Simply Wall St ·  Jun 9 22:29

Most readers would already be aware that MakeMyTrip's (NASDAQ:MMYT) stock increased significantly by 30% over the past three months. Given the company's impressive performance, we decided to study its financial indicators more closely as a company's financial health over the long-term usually dictates market outcomes. Particularly, we will be paying attention to MakeMyTrip's ROE today.

Return on equity or ROE is a key measure used to assess how efficiently a company's management is utilizing the company's capital.
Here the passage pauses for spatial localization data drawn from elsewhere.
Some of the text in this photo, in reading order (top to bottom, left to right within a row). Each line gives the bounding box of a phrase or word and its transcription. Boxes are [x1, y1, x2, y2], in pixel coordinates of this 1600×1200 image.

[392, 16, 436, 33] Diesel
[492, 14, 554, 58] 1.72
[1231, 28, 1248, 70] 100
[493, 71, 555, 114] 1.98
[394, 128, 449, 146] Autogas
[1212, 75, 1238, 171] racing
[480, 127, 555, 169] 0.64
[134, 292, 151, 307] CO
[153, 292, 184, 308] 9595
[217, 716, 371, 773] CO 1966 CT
In short, ROE shows the profit each dollar generates with respect to its shareholder investments.

How Do You Calculate Return On Equity?

The formula for return on equity is:

Return on Equity = Net Profit (from continuing operations) ÷ Shareholders' Equity

So, based on the above formula, the ROE for MakeMyTrip is:

19% = US$217m ÷ US$1.1b (Based on the trailing twelve months to March 2024).

The 'return' refers to a company's earnings over the last year. So, this means that for every $1 of its shareholder's investments, the company generates a profit of $0.19.
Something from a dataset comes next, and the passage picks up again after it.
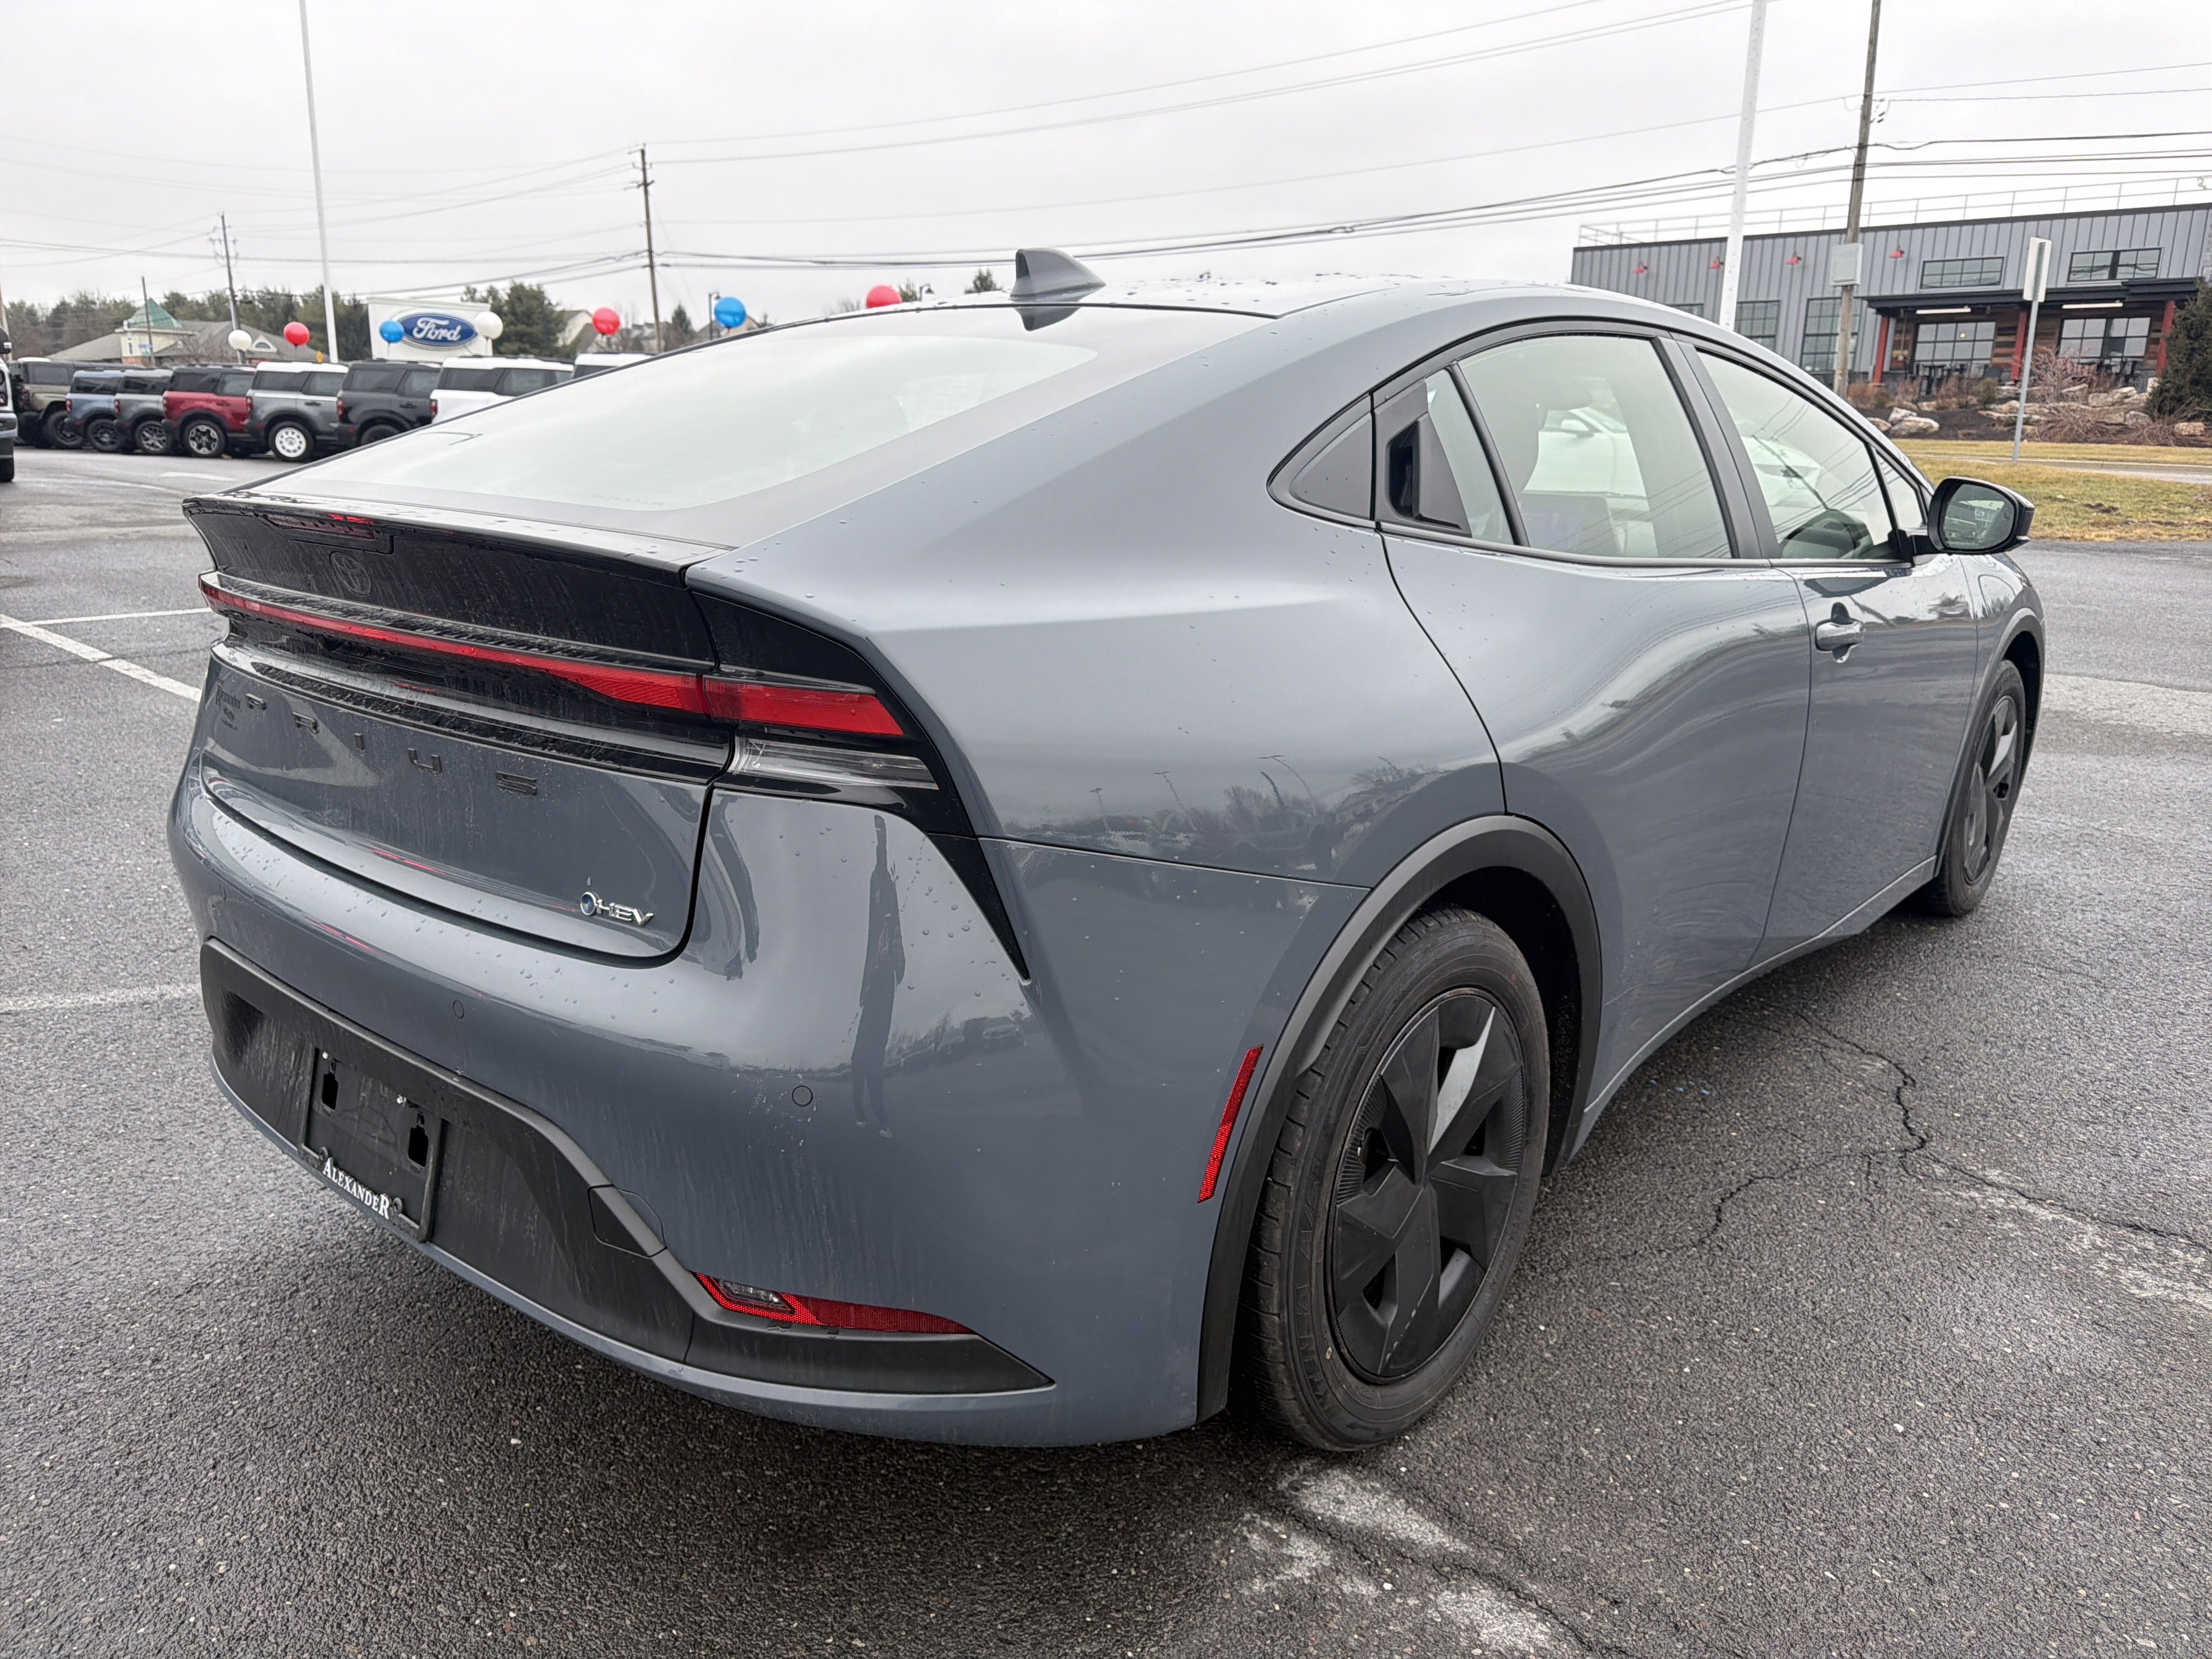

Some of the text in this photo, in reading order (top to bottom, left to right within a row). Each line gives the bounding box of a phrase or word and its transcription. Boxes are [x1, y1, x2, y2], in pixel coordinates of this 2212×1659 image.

[413, 317, 461, 341] Ford
[245, 693, 538, 796] PRIUS
[597, 899, 655, 926] HEV
[321, 1157, 390, 1220] ALEXANDER
Why Is ROE Important For Earnings Growth?

Thus far, we have learned that ROE measures how efficiently a company is generating its profits. Depending on how much of these profits the company reinvests or "retains", and how effectively it does so, we are then able to assess a company's earnings growth potential. Generally speaking, other things being equal, firms with a high return on equity and profit retention, have a higher growth rate than firms that don't share these attributes.

A Side By Side comparison of MakeMyTrip's Earnings Growth And 19% ROE

At first glance, MakeMyTrip seems to have a decent ROE. Even when compared to the industry average of 18% the company's ROE looks quite decent. This certainly adds some context to MakeMyTrip's exceptional 58% net income growth seen over the past five years. However, there could also be other drivers behind this growth. For example, it is possible that the company's management has made some good strategic decisions, or that the company has a low payout ratio.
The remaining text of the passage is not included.